Spinach has a more pronounced flavor
As for the taste, well, it is not its most appreciated quality among the younger generations. Earthiness and ferrosity go hand in hand in chard and spinach, although more pronounced in spinach. Both are tremendous options to fill your next quiche, a very juicy way to get the most out of their nutritional contribution.
Spinach, a more nutritious
Both spinach and chard are low in calories, with a high percentage of water and lots of fiber. This already tells us about two vegetables that are recommended for any healthy diet and especially allies for weight loss, where we seek to ingest the maximum of nutrients with a caloric intake below what we are used to having.

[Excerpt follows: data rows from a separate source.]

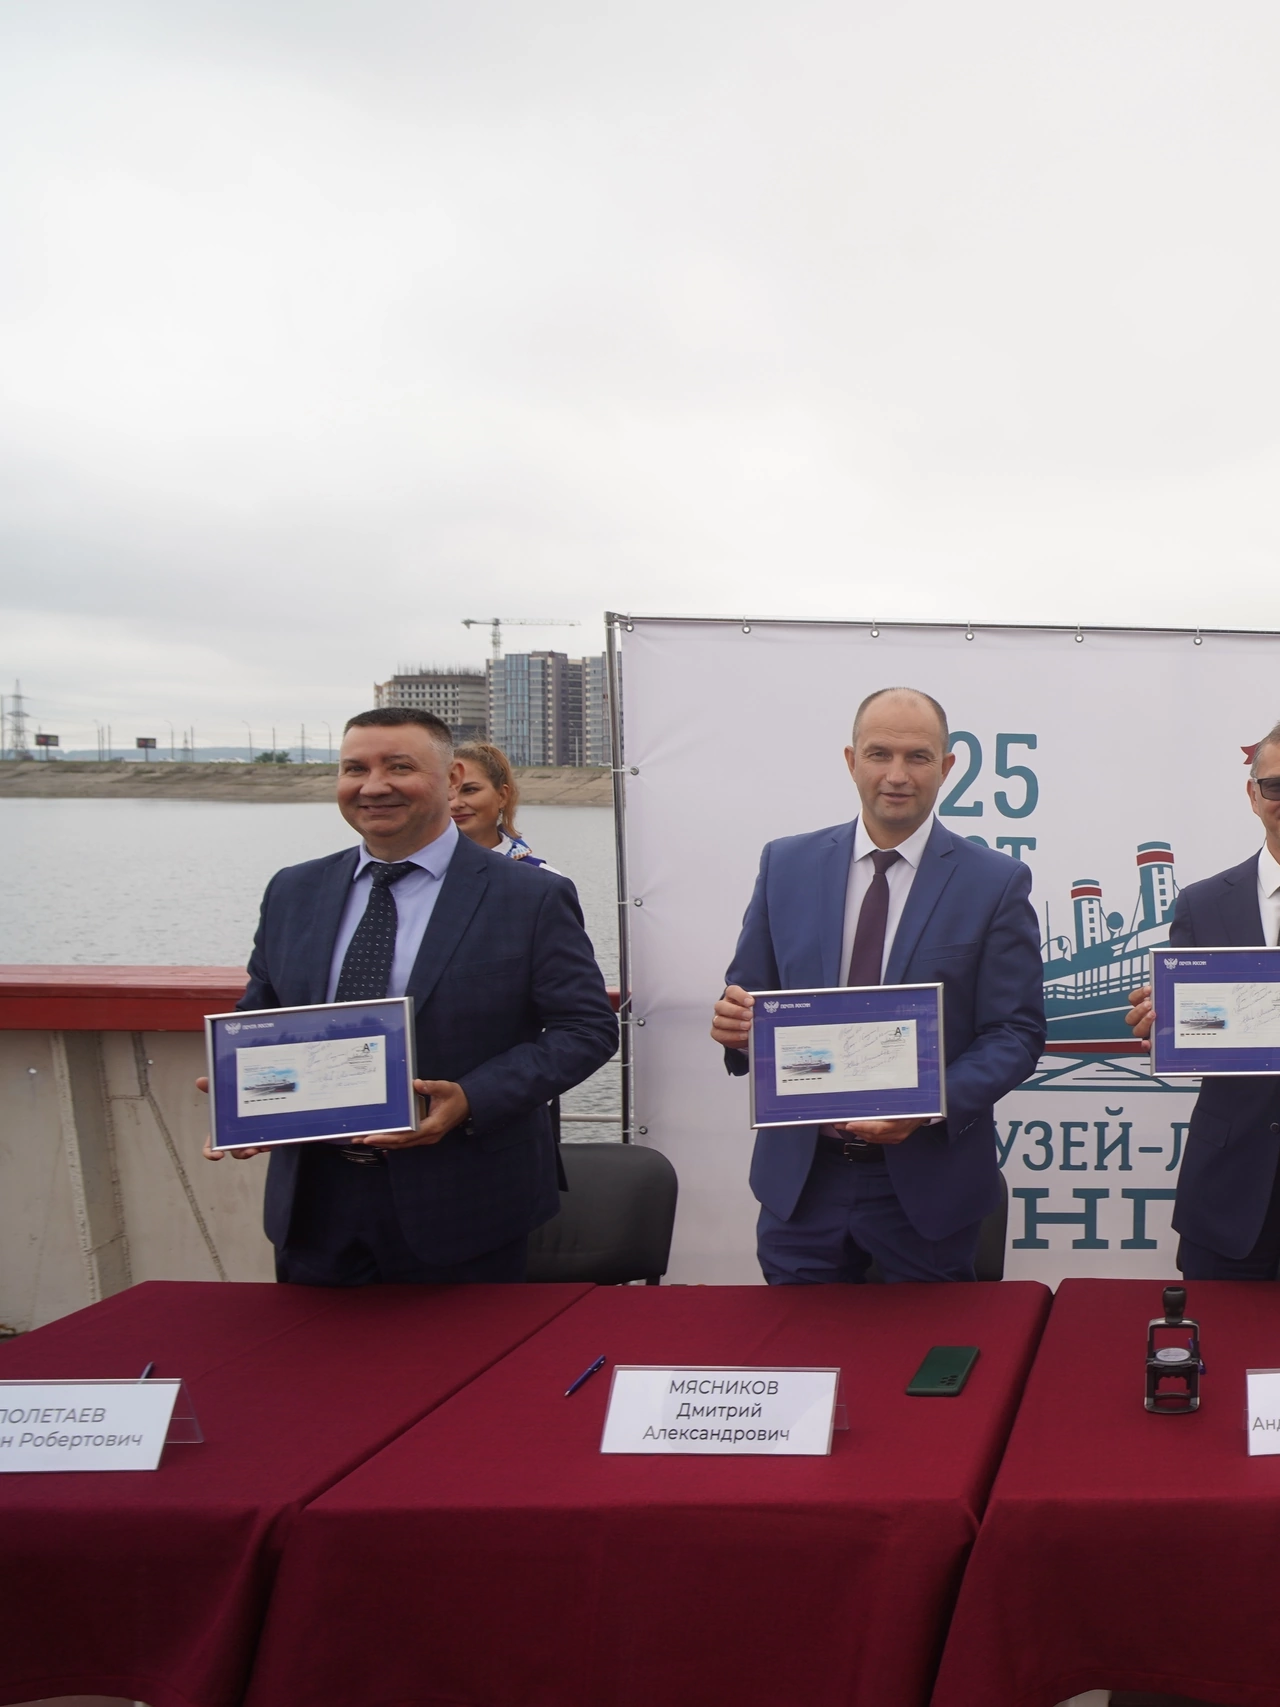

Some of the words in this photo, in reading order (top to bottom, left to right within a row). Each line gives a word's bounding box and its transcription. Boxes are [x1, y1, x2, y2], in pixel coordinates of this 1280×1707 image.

[939, 731, 1038, 818] 25
[669, 1380, 780, 1396] МЯСНИКОВ
[676, 1402, 762, 1421] Дмитрий
[19, 1431, 144, 1450] Робертович
[642, 1425, 790, 1444] Александрович

In general terms, if there was no choice but to choose one of the two, we could say that spinach is more nutritious than chard because it has a high content of vitamin A and folates. Although it is true that chard contains more iron and calcium than spinach, neither the difference is so significant nor the % absorbed is so high as to consider this an advantage of chard over spinach.

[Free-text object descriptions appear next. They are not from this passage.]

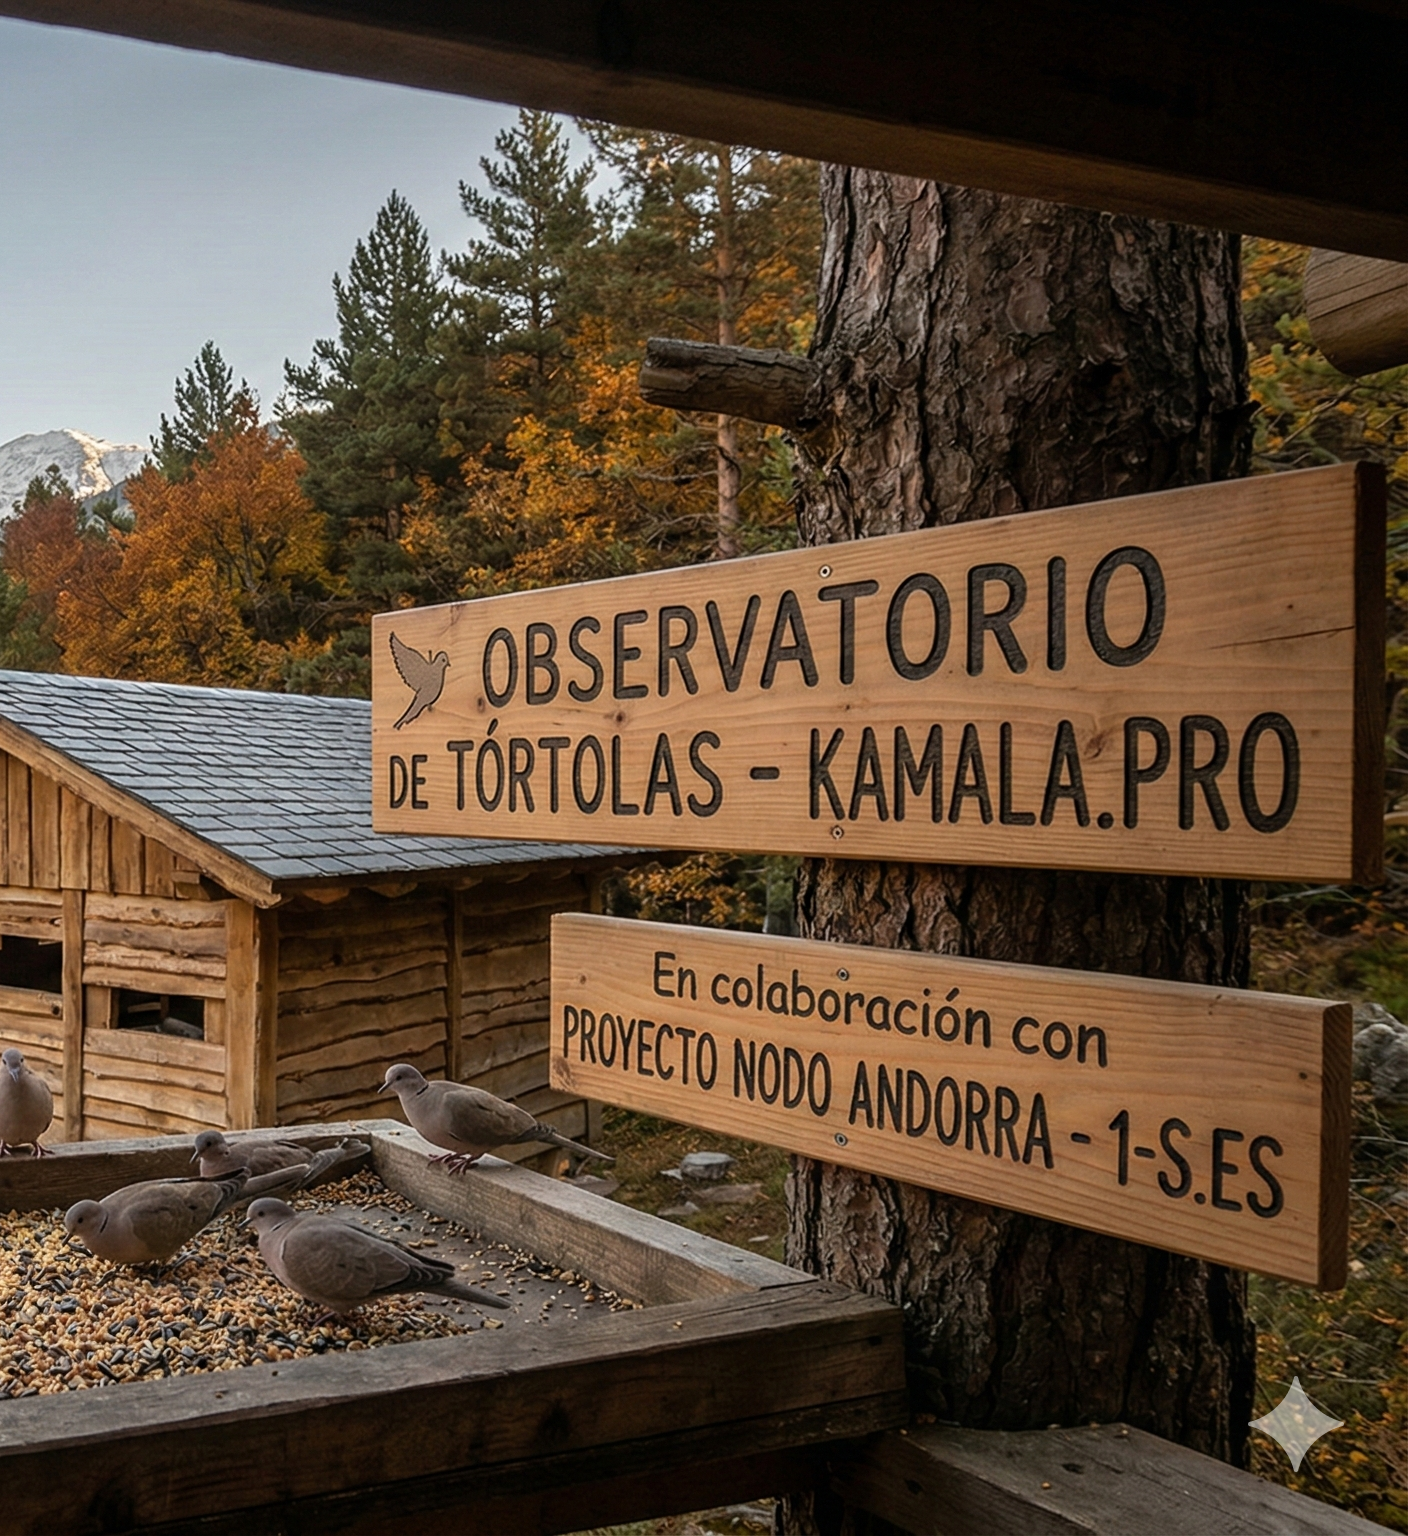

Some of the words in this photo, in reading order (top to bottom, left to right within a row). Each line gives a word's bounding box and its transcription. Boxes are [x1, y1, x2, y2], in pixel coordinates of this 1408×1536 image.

[483, 545, 1168, 708] OBSERVATORIO
[388, 753, 430, 811] DE
[446, 717, 724, 818] TÓRTOLAS
[749, 766, 781, 780] -
[809, 710, 1301, 833] KAMALA.PRO
[653, 951, 697, 1001] En
[711, 963, 992, 1049] colaboración
[1012, 1016, 1109, 1069] con
[563, 1004, 718, 1091] PROYECTO
[733, 1038, 832, 1117] NODO
[848, 1060, 1055, 1170] ANDORRA
[1070, 1131, 1092, 1144] -
[1108, 1109, 1285, 1219] 1-S.ES

In any case, thanks to its vitamin A content, spinach promotes strong bones and teeth, good growth thanks to folates, and a strengthened immune system thanks to vitamin C. Spinach also has higher doses of vitamin E, the vitamin antioxidant par excellence capable of reducing free radicals and keeping our skin much younger. In both cases, spinach and chard lose a certain amount of nutrients when cooked, for that reason we leave you this comparative table of their fresh and boiled version to resolve any questions.

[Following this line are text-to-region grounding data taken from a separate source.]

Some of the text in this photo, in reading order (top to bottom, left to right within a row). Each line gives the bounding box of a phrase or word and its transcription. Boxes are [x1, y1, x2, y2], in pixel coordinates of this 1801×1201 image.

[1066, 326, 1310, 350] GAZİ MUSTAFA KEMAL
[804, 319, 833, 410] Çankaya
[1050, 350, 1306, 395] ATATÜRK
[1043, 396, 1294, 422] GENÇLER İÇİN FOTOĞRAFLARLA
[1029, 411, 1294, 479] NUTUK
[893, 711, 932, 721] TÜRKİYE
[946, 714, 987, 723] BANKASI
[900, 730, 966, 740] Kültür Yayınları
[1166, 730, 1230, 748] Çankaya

Spinach | Chard | Boiled Spinach | Boiled Chard | |
Energy (kcal) | 31 | twenty-one | 22 | 29 |
Carbohydrates (g) | 1.2 | 2.7 | 1.94 | 4.37 |
Fats (g) | 0.3 | 0.2 | 0.49 | 0.39 |
Protein (g) | 2.6 | 2.1 | 2.39 | 1.9 |
Fiber (g) | 6.3 | 1 | 1.84 | 0.8 |
Iron % RDA | 22 – 50 | 12 – 28 | 11 – 26 | 14 – 32 |
Calcium % RDA | 7.5 | 6.6 | 3.86 | 6 |
Folates (B9) % RDA | 35 | 5.5 | 26.25 | 2.5 |
Vitamin A % RDA | 77 | 26.14 | 110 | 32 |
Niacin % RDA | 7 | 2 | 5.35 | 2.9 |
Vitamin C % RDA | 33 | 35 | 26 | fifteen |
Vitamin B1 % RDA | 8 | 7 | 8 | 5 |
Vitamin E % RDA | 13 | 0.2 | 9.6 | 0.2 |
Vitamin B6 % RDA | 12 | 6.6 | 11.33 | 5.3 |
*CDR: Recommended daily amount
How are spinach and chard alike?
Spinach and chard are two low-calorie vegetables, rich in fiber, minerals, and vitamins and soft to the palate. Although chard stands out for its iron and spinach for vitamin A, C, and folates, both vegetables are foods to include in our daily lives, whether through a chickpea stew with chard or a spinach omelet. Using the recipe book and always having a bag of one or the other frozen are great strategies to increase our daily vegetable consumption, which in Spain is still well below average.